What to do —
Pictures do not belong in the copy; retype the records below exactly.
[Data Boundary: Start]
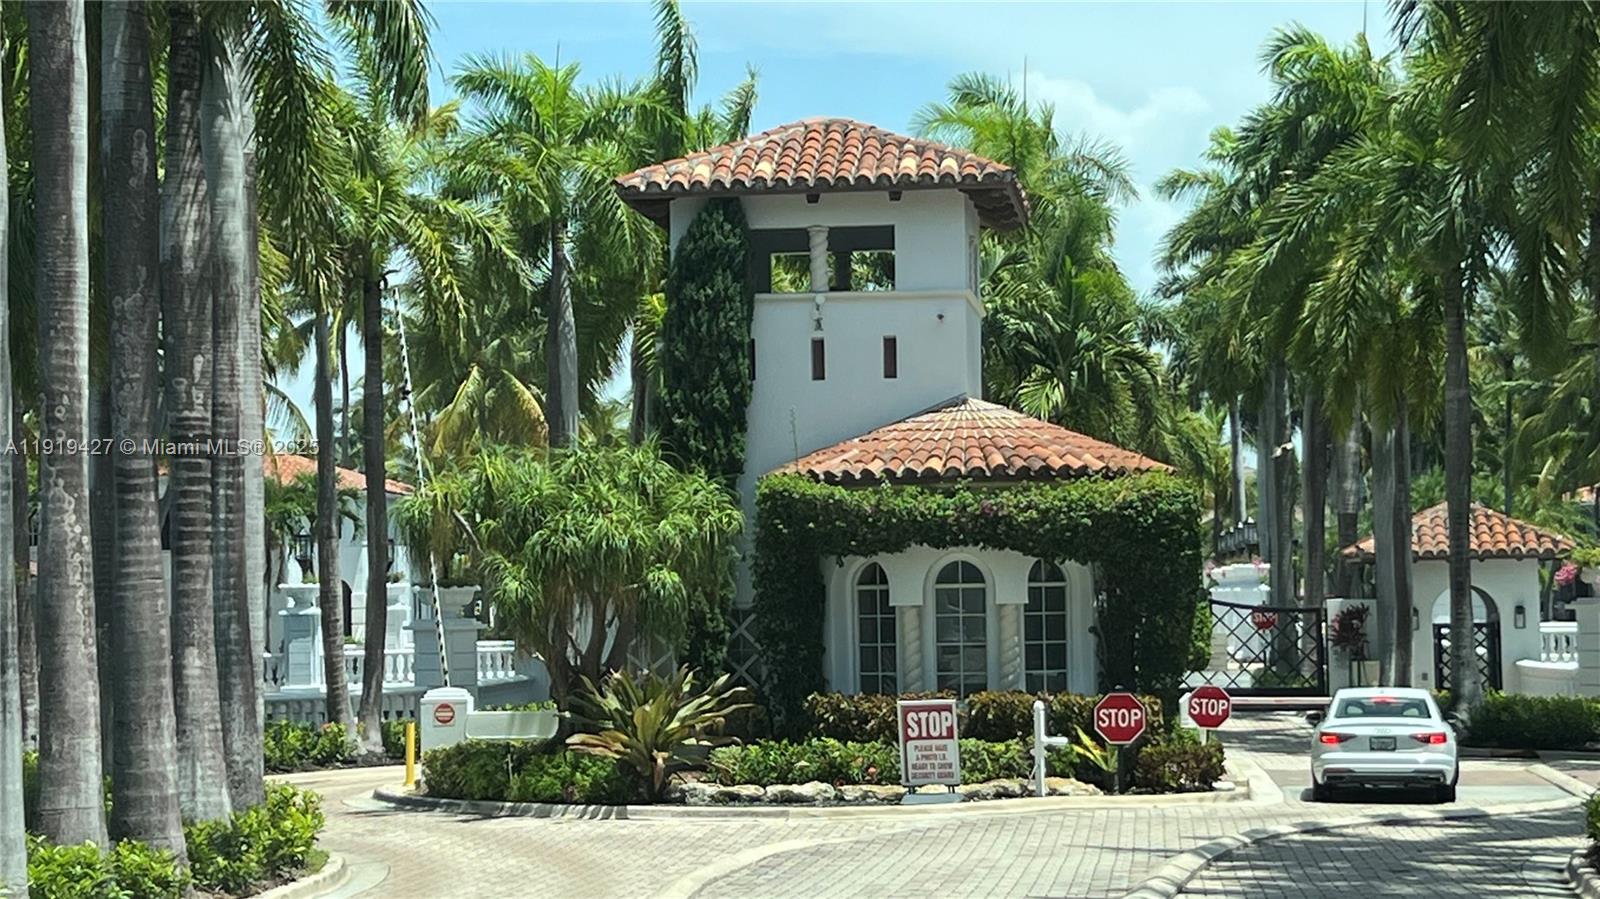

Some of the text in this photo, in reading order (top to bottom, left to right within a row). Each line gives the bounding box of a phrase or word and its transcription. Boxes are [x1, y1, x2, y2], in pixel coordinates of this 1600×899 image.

[1190, 698, 1228, 716] STOP
[1098, 708, 1142, 727] STOP
[906, 711, 953, 738] STOP
[914, 744, 933, 752] PLEASE
[921, 753, 937, 761] PHOTO
[929, 762, 936, 770] TO
[937, 762, 953, 770] SHOW
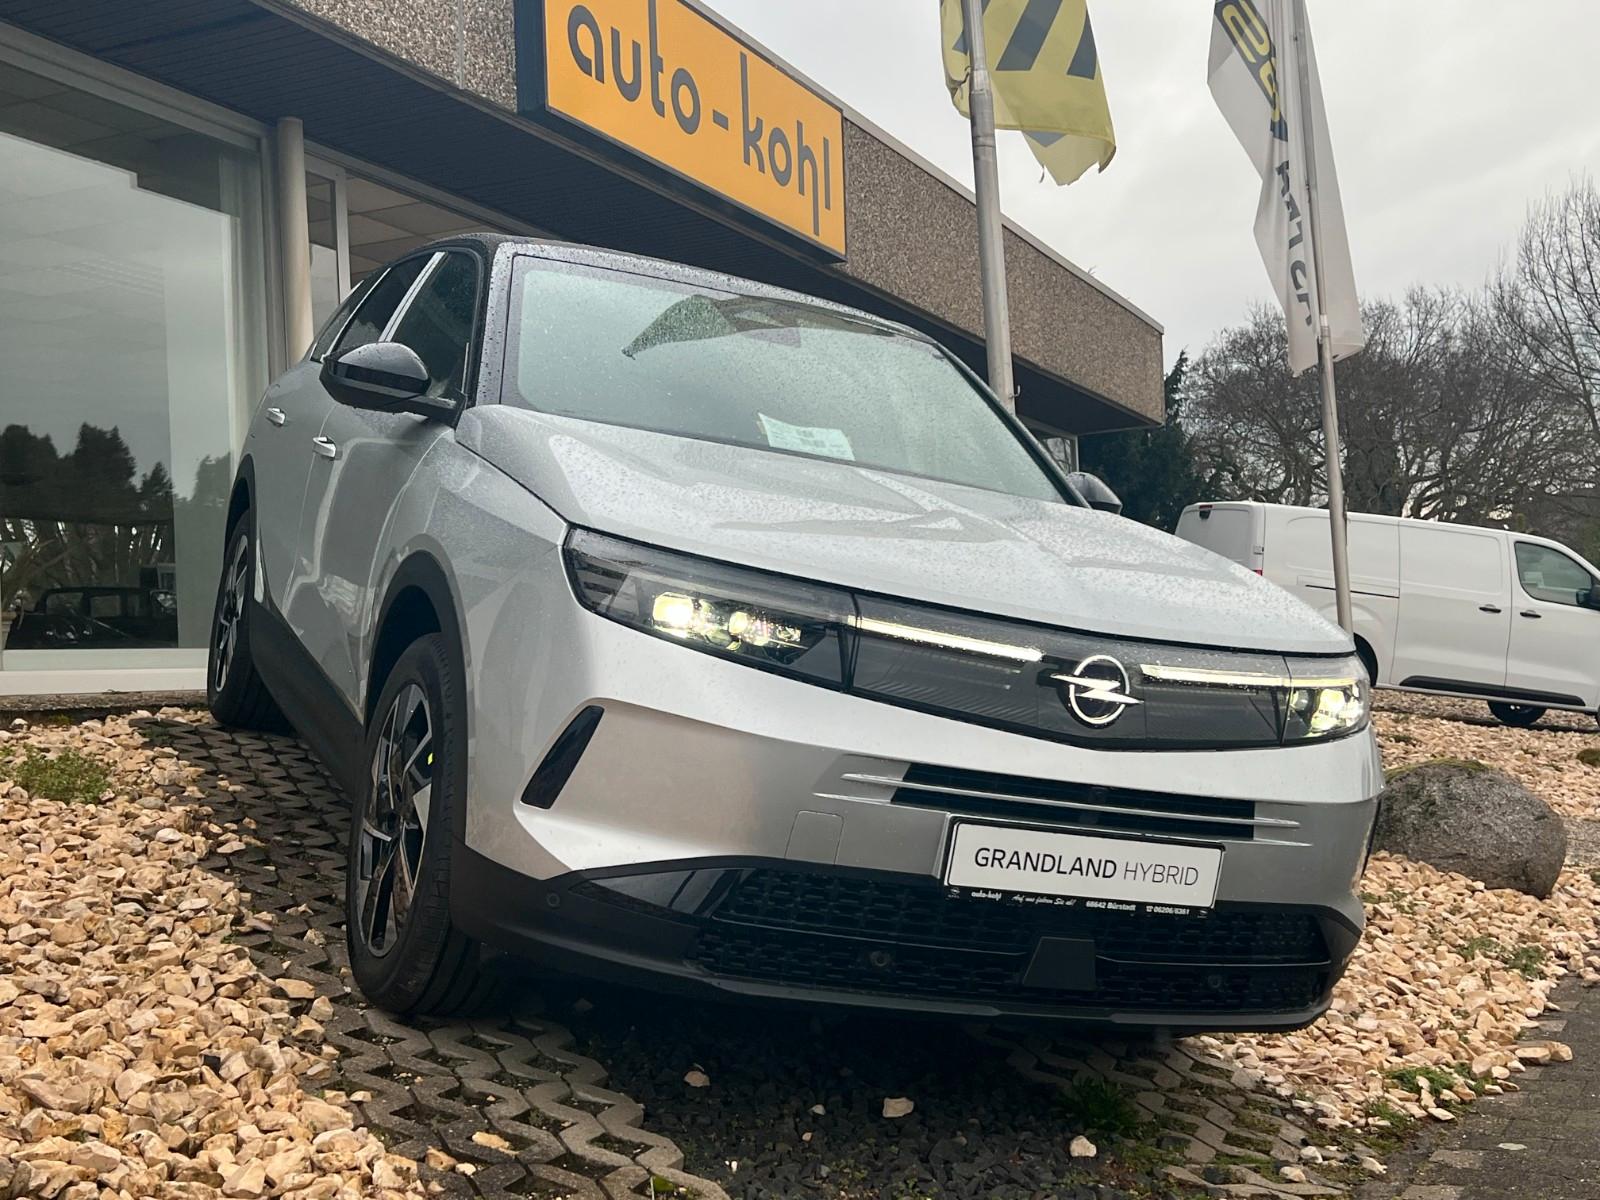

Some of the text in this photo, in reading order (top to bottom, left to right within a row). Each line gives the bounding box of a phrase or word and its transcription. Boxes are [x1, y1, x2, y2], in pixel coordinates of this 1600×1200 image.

[567, 0, 831, 236] auto-kohl
[974, 847, 1199, 886] GRANDLAND HYBRID
[Data Boundary: End]
Response below —
Some of the text in this photo, in reading order (top to bottom, left to right within a row). Each line gives the bounding box of a phrase or word and its transcription. Boxes are [x1, y1, x2, y2], in pixel coordinates of this 1600×899 image.

[1190, 698, 1228, 716] STOP
[1098, 708, 1142, 727] STOP
[906, 711, 953, 738] STOP
[914, 744, 933, 752] PLEASE
[921, 753, 937, 761] PHOTO
[929, 762, 936, 770] TO
[937, 762, 953, 770] SHOW

Some of the text in this photo, in reading order (top to bottom, left to right within a row). Each line gives the bounding box of a phrase or word and its transcription. Boxes are [x1, y1, x2, y2], in pixel coordinates of this 1600×1200 image.

[567, 0, 831, 236] auto-kohl
[974, 847, 1199, 886] GRANDLAND HYBRID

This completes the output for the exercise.